Diesen Satz fand ich aus zwei Grün­den inter­es­sant. Erstens, weil ich mich frage, ob er wohl stimmt. Mein Ital­ienisch ist sehr schlecht, aber mit ein biss­chen Hil­fe von Google Trans­late habe ich mir zusam­men­gereimt, dass Diäteis auf Ital­ienisch gela­to di dieta heißen müsste. Und tat­säch­lich find­en sich dafür nur ganze drei Google-Tre­f­fer, es gibt das Wort also tat­säch­lich nicht so richtig (ja, man kann es dur­chaus als Wort beze­ich­nen, obwohl es eigentlich aus drei Wörtern beste­ht, aber das soll uns heute nicht inter­essieren). Falls jemand ein besseres (und häu­figeres) ital­ienis­ches Wort für Diäteis ken­nt, wäre ich für einen Hin­weis dankbar.

Der zweite inter­es­sante Aspekt des oben zitierten Satzes ist die Redewen­dung In Sprache X gibt es noch nicht ein­mal ein Wort für Y (oder Sprache X hat noch nicht ein­mal ein Wort für Y). In dieser Redewen­dung ist ja eine Art All­t­ags­the­o­rie enthal­ten, dass Men­schen zunächst ein Wort für etwas brauchen, bevor sie darüber nach­denken kön­nen. Wenn unser Eis­mann sagt „Im Ital­ienis­chen gibt es noch nicht ein­mal ein Wort für Diäteis“, dann meint er damit ja so etwas wie „Die Ital­iener ken­nen nicht nur kein Diäteis, sie kön­nen sich noch nicht ein­mal vorstellen, was das sein soll“. Diese All­t­ags­the­o­rie steckt auch hin­ter George Orwells Neusprech, einem total­itären Sprach­sys­tem, in dem Wörter für uner­wün­schte Ideen wie Frei­heit oder Gle­ich­heit nicht existieren. So sollen die Men­schen daran gehin­dert wer­den, über diese Ideen über­haupt nachzu­denken. Die All­t­ags­the­o­rie passt außer­dem zum Mythos von den vie­len Eski­mowörtern für Schnee: dieser Mythos geht ja auch davon aus, dass die ange­bliche sprach­liche Aus­d­if­feren­zierung des Schnee­vok­ab­u­lars den Eski­mos ein ver­tieftes Ver­ständ­nis ver­schieden­er Schneep­hänomene ermöglicht.

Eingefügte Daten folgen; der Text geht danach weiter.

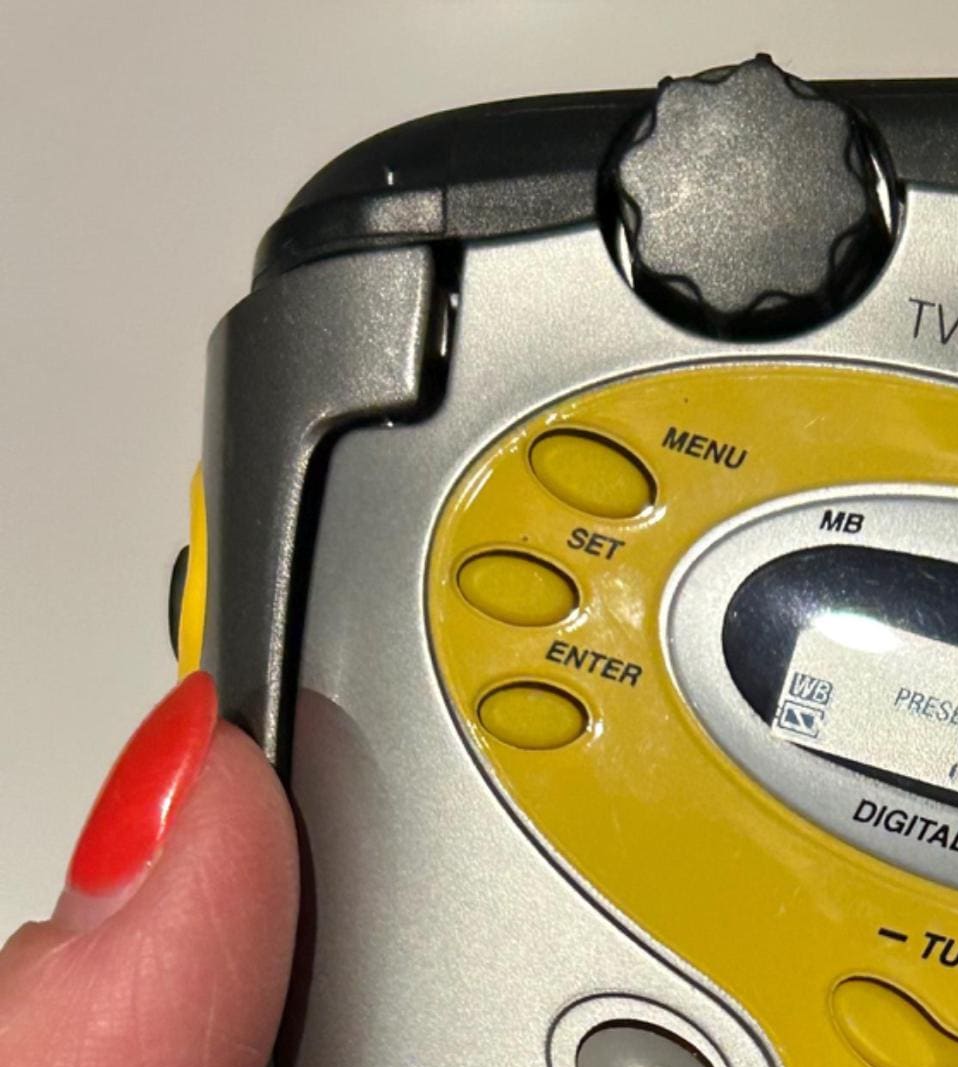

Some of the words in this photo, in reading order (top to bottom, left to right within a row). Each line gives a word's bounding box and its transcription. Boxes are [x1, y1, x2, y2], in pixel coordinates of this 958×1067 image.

[662, 427, 748, 469] MENU
[819, 510, 864, 534] MB
[567, 527, 625, 560] SET
[545, 640, 643, 687] ENTER
[789, 672, 833, 706] WB
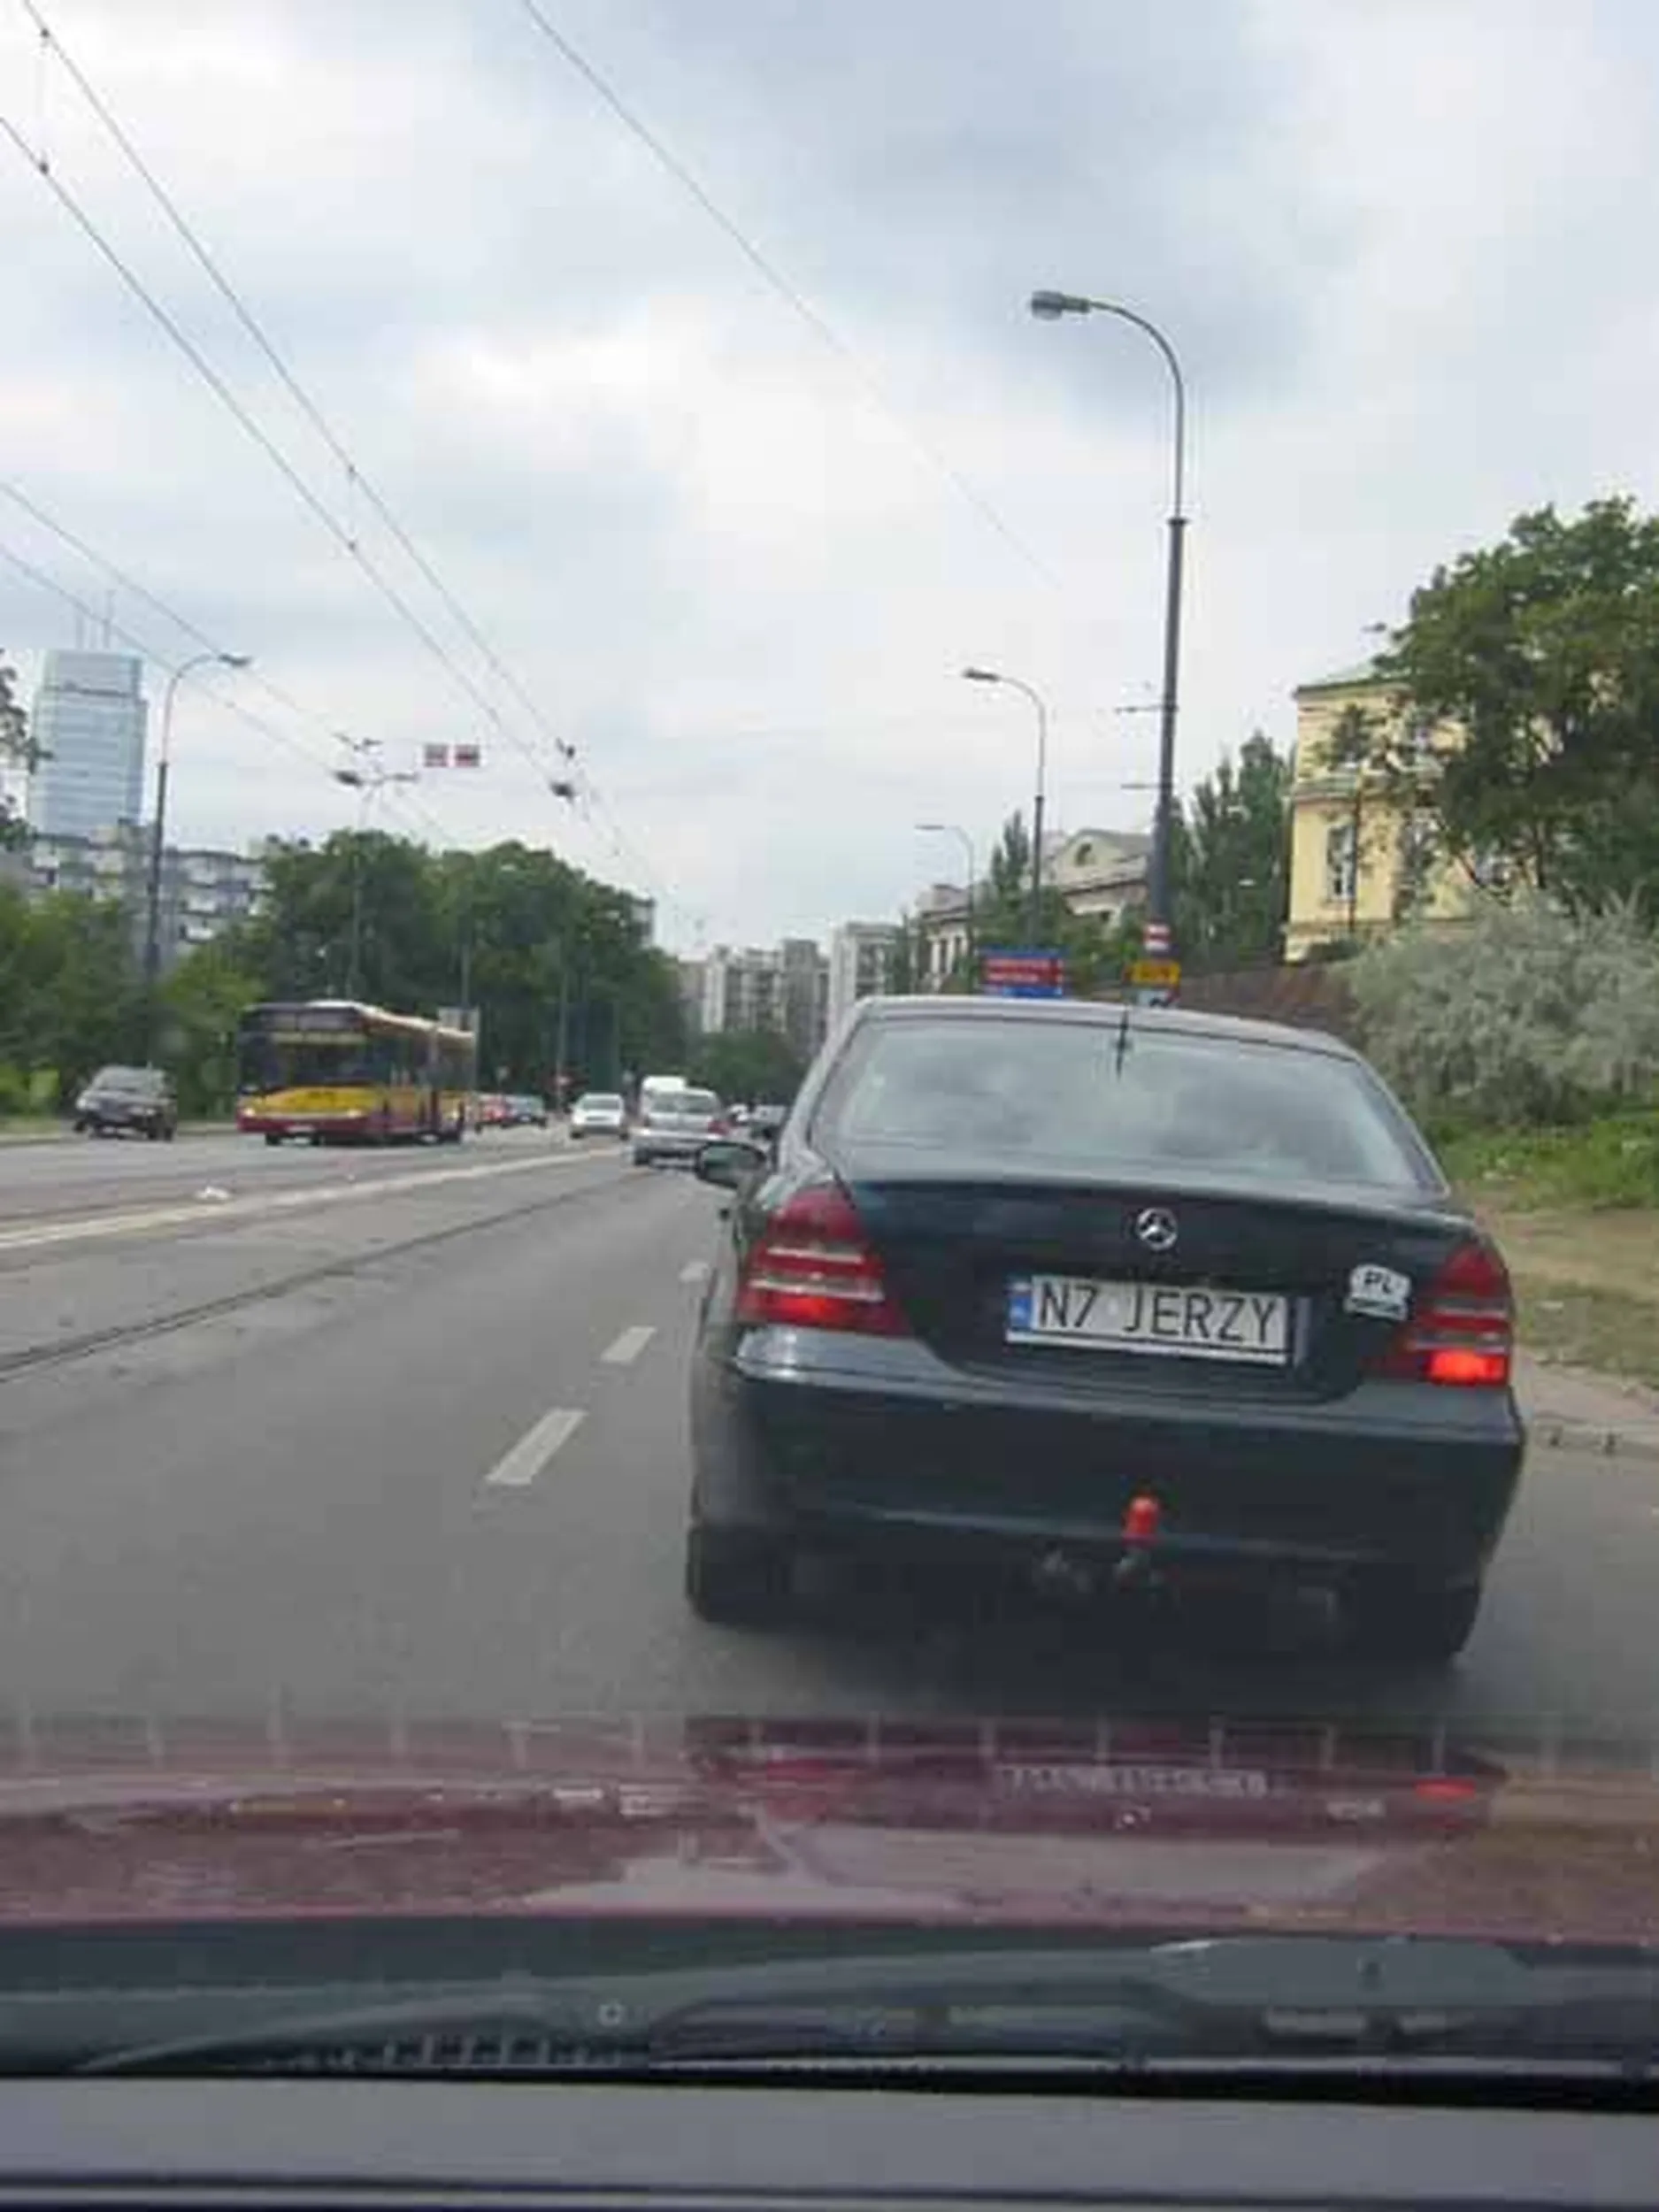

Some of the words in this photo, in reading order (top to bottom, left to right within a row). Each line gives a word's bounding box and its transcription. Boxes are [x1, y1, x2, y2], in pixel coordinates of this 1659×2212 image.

[1363, 1271, 1395, 1295] PL
[1040, 1280, 1099, 1329] N7
[1122, 1283, 1276, 1344] JERZY

Tat­säch­lich ist das Ver­hält­nis von Sprache und Denken wohl eher umgekehrt: wenn beispiel­sweise neue Tech­nolo­gien (wie Diäteis) in eine Sprachge­mein­schaft einge­führt wer­den, schaf­fen sich die Sprech­er schnell das dazuge­hörige Vok­ab­u­lar. Sie kön­nen also dur­chaus über Dinge nach­denken, für die sie keine Wörter haben — son­st wür­den sie ja gar nicht merken, dass ihnen ein Wort fehlt. Und das ist nicht nur bei neuen Objek­ten, Tech­nolo­gien oder Kul­tur­prak­tiken so, son­dern auch bei vie­len alltäglichen Din­gen und Ereignis­sen, die wir alle ken­nen und über die wir reden kön­nen, für die wir aber keine Wörter haben. Dou­glas Adams und John Lloyd haben in ihrem Wörter­buch The (Deep­er) Mean­ing of Liff (dt. Der (tief­ere) Sinn des Labenz) auf nicht ganz ern­st­ge­meinte Weise hun­derte solch­er mehr oder weniger ver­trauter Ideen gesam­melt und Wörter dafür erfun­den (bzw. Ort­sna­men dafür zweckentfremdet).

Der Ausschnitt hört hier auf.